Queratocone: sintomas, diagonóstico e tratamento
- João Rosado
- 31 de mar.
- 10 min de leitura
O termo "queratocone" tem origem no grego, onde “kéras” significa córnea e “cõnus” significa cone, referindo-se à deformação cónica da córnea característica desta patologia. O queratocone é uma doença ocular progressiva que afeta ambos os olhos de forma assimétrica, resultando no adelgaçamento e aumento anormal da curvatura da córnea. Esta alteração estrutural leva a um astigmatismo irregular e a uma diminuição da acuidade visual, que pode comprometer significativamente a qualidade da visão. O diagnóstico precoce e um tratamento adequado são fundamentais para travar a progressão da doença e preservar a melhor visão possível. Neste artigo, exploramos o que é o queratocone, os seus sintomas, os métodos de diagnóstico e as opções de tratamento disponíveis.

O que é o queratocone?
O queratocone é uma patologia ocular bilateral e assimétrica que se caracteriza pelo adelgaçamento progressivo e aumento da curvatura em forma de cone da córnea. Esta deformação afeta, geralmente, a região central ou paracentral da córnea, sendo a zona inferior temporal a mais frequentemente envolvida.

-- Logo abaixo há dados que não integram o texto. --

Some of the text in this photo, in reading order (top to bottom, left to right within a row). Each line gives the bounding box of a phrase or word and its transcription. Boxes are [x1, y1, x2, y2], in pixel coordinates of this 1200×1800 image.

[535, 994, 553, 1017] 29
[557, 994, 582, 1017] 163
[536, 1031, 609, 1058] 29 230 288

A nível celular, as primeiras alterações ocorrem nas camadas mais superficiais da córnea, nomeadamente no epitélio corneal, na membrana de Bowman e no estroma corneal. O adelgaçamento da córnea resulta da apoptose das células epiteliais, acompanhada pela degradação ou perda da membrana de Bowman. O estroma corneal, essencial para a transparência da córnea, sofre alterações estruturais, com uma redução no número de lamelas, especialmente nas áreas mais afetadas pelo cone. Estas modificações comprometem a regularidade e estabilidade da córnea, contribuindo para a deterioração da qualidade visual.
A nível molecular, o queratocone está intimamente relacionado com o stress oxidativo e com proteínas específicas que afetam a integridade estrutural da córnea. Estas alterações levam a uma diminuição do teor de colagénio, apoptose dos queratócitos e necrose do estroma, comprometendo a resistência e transparência da córnea.

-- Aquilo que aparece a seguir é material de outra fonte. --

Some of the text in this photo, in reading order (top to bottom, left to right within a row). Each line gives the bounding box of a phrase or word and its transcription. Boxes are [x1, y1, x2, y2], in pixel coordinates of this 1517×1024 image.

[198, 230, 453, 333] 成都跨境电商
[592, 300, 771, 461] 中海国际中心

O queratocone tem uma forte componente genética, estando frequentemente associado a síndromes hereditários, como a síndrome de Down, síndrome de Noonan e síndrome de Ehlers-Danlos. Além disso, indivíduos com familiares de primeiro grau diagnosticados com queratocone apresentam um risco significativamente maior - estima-se entre 15 a 67 vezes - de desenvolver a doença.
Além da predisposição genética, diversos fatores ambientais e familiares contribuem para um maior risco de desenvolvimento da patologia. Indivíduos com tendência para reações alérgicas e condições atópicas, como asma, eczema e rinite alérgica, apresentam maior prevalência de queratocone. Estudos indicam que cerca de 52% dos pacientes com a doença apresentam níveis elevados de Imunoglobulina E (IgE), um marcador associado a respostas alérgicas.

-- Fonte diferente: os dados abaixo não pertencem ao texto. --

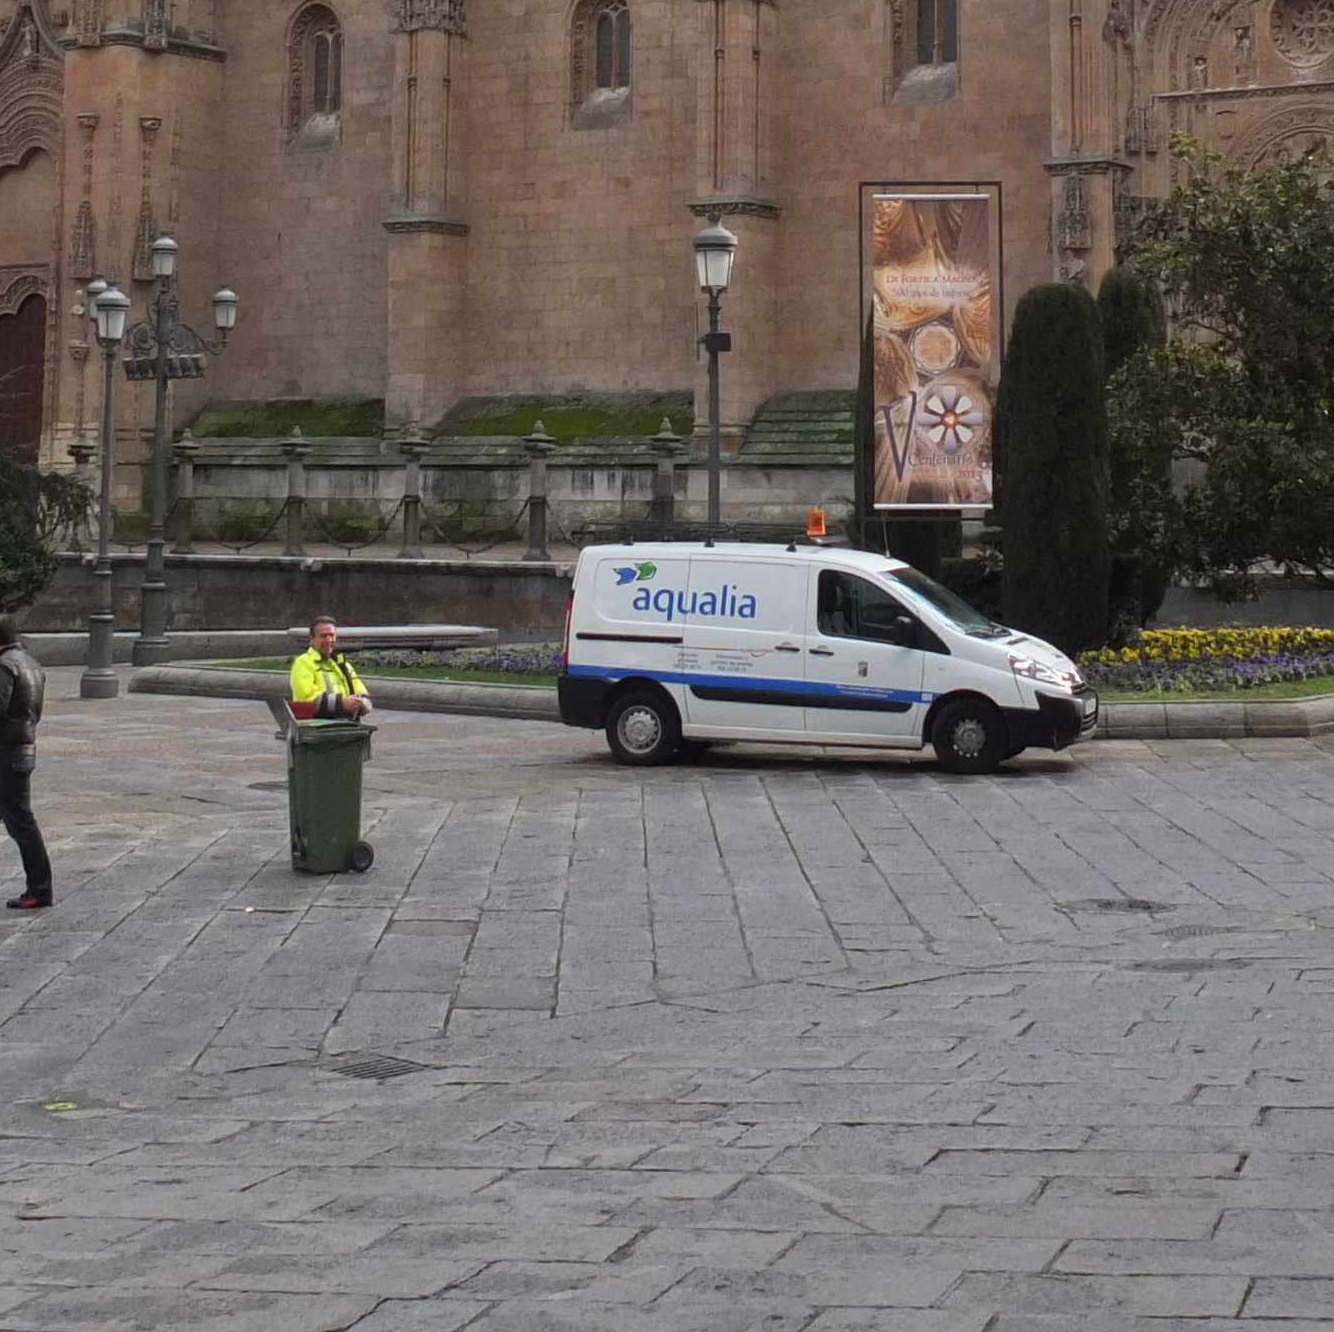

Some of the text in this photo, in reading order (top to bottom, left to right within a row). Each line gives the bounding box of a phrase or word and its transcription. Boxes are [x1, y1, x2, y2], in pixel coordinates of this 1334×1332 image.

[908, 453, 974, 467] Centenario
[958, 470, 983, 482] 2013
[632, 584, 757, 622] aqualia

Os indicadores clínicos do queratocone
O queratocone é uma patologia que, na maioria dos casos, manifesta-se entre a segunda e terceira década de vida, progredindo até aproximadamente os 40 anos de idade. No entanto, pode desenvolver-se tanto mais cedo como mais tarde. A condição afeta ambos os olhos, mas com graus de severidade distintos. Os sintomas mais comuns incluem visão desfocada ou distorcida e a necessidade frequente de atualizar a prescrição dos óculos devido a alterações no erro refrativo.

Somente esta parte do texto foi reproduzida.